**Your task**
Drop every picture and give the entries back exactly.

START Extracted material

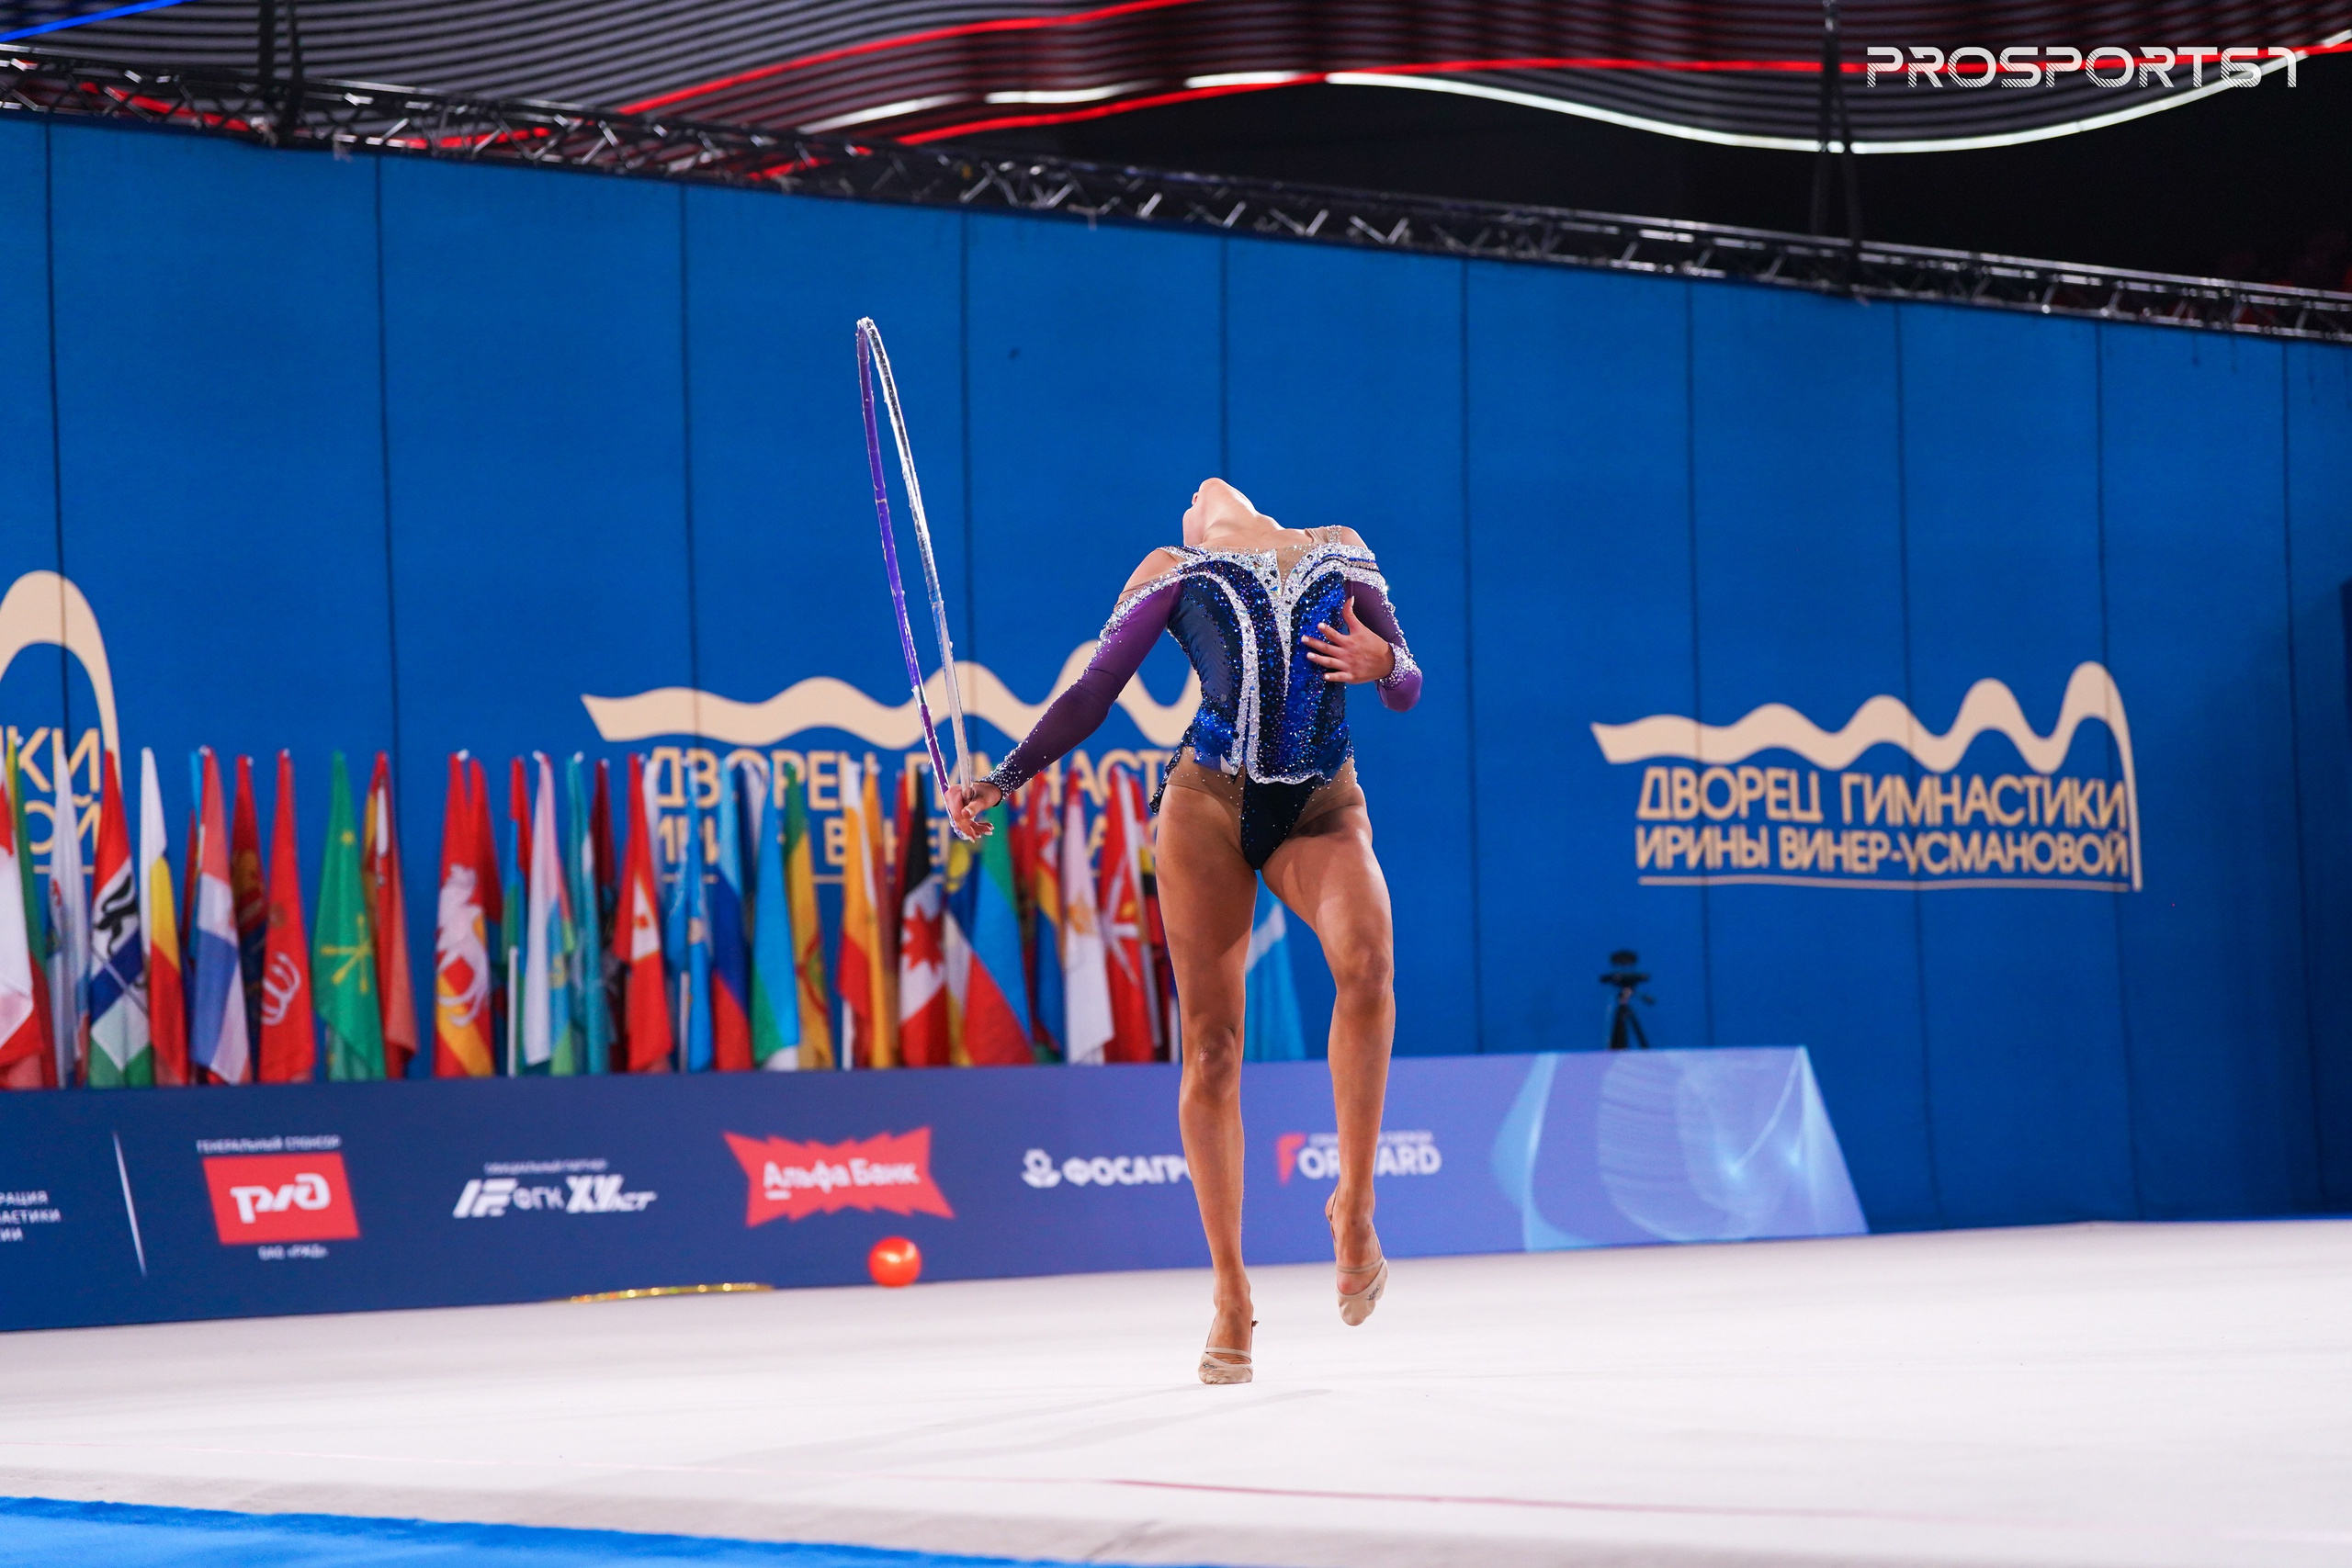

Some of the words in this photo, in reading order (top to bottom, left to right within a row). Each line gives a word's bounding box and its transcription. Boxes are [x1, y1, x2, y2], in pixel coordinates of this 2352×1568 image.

[1636, 766, 1823, 823] ДВОРЕЦ
[1840, 773, 2128, 829] ГИМНАСТИКИ
[1636, 825, 1770, 870] ИРИНЫ
[1779, 827, 2130, 877] ВИНЕР-УСМАНОВОЙ
[763, 1161, 851, 1194] Альфа
[849, 1157, 921, 1187] Банк
[1061, 1155, 1192, 1187] ФОСАГР
[1277, 1133, 1442, 1187] FORARD
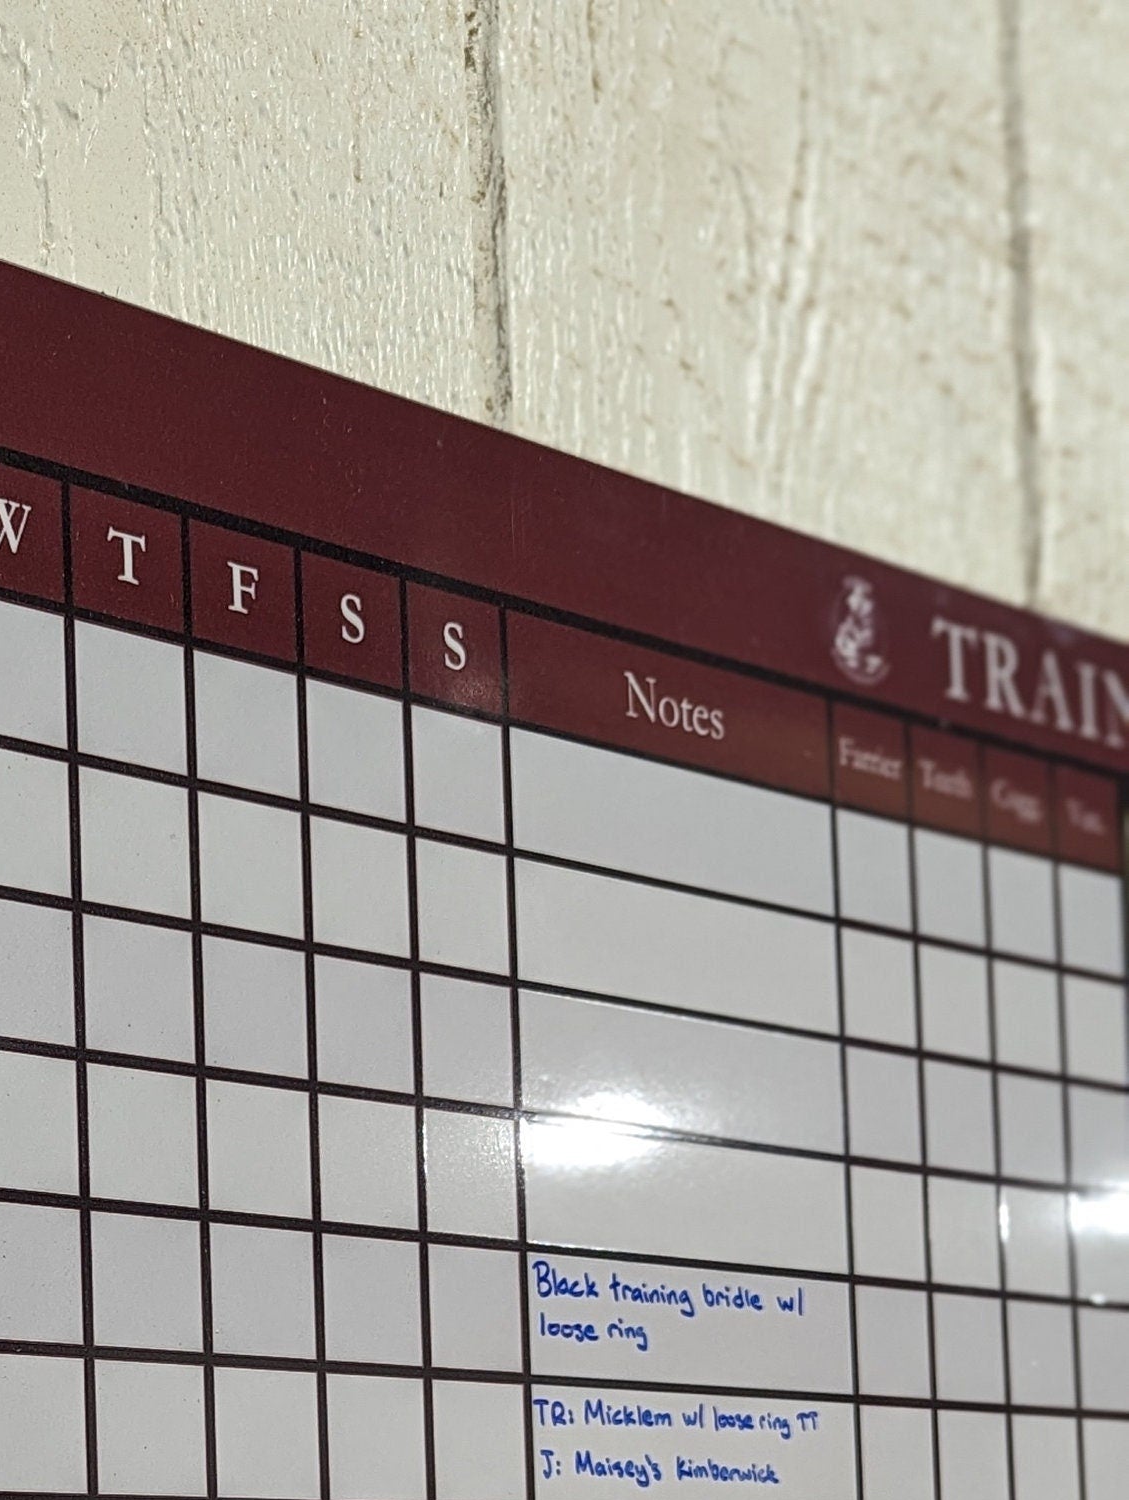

END Extracted material

**Exercise answer**
Some of the words in this photo, in reading order (top to bottom, left to right within a row). Each line gives a word's bounding box and its transcription. Boxes are [x1, y1, x2, y2], in pixel coordinates of this 2352×1568 image.

[1636, 766, 1823, 823] ДВОРЕЦ
[1840, 773, 2128, 829] ГИМНАСТИКИ
[1636, 825, 1770, 870] ИРИНЫ
[1779, 827, 2130, 877] ВИНЕР-УСМАНОВОЙ
[763, 1161, 851, 1194] Альфа
[849, 1157, 921, 1187] Банк
[1061, 1155, 1192, 1187] ФОСАГР
[1277, 1133, 1442, 1187] FORARD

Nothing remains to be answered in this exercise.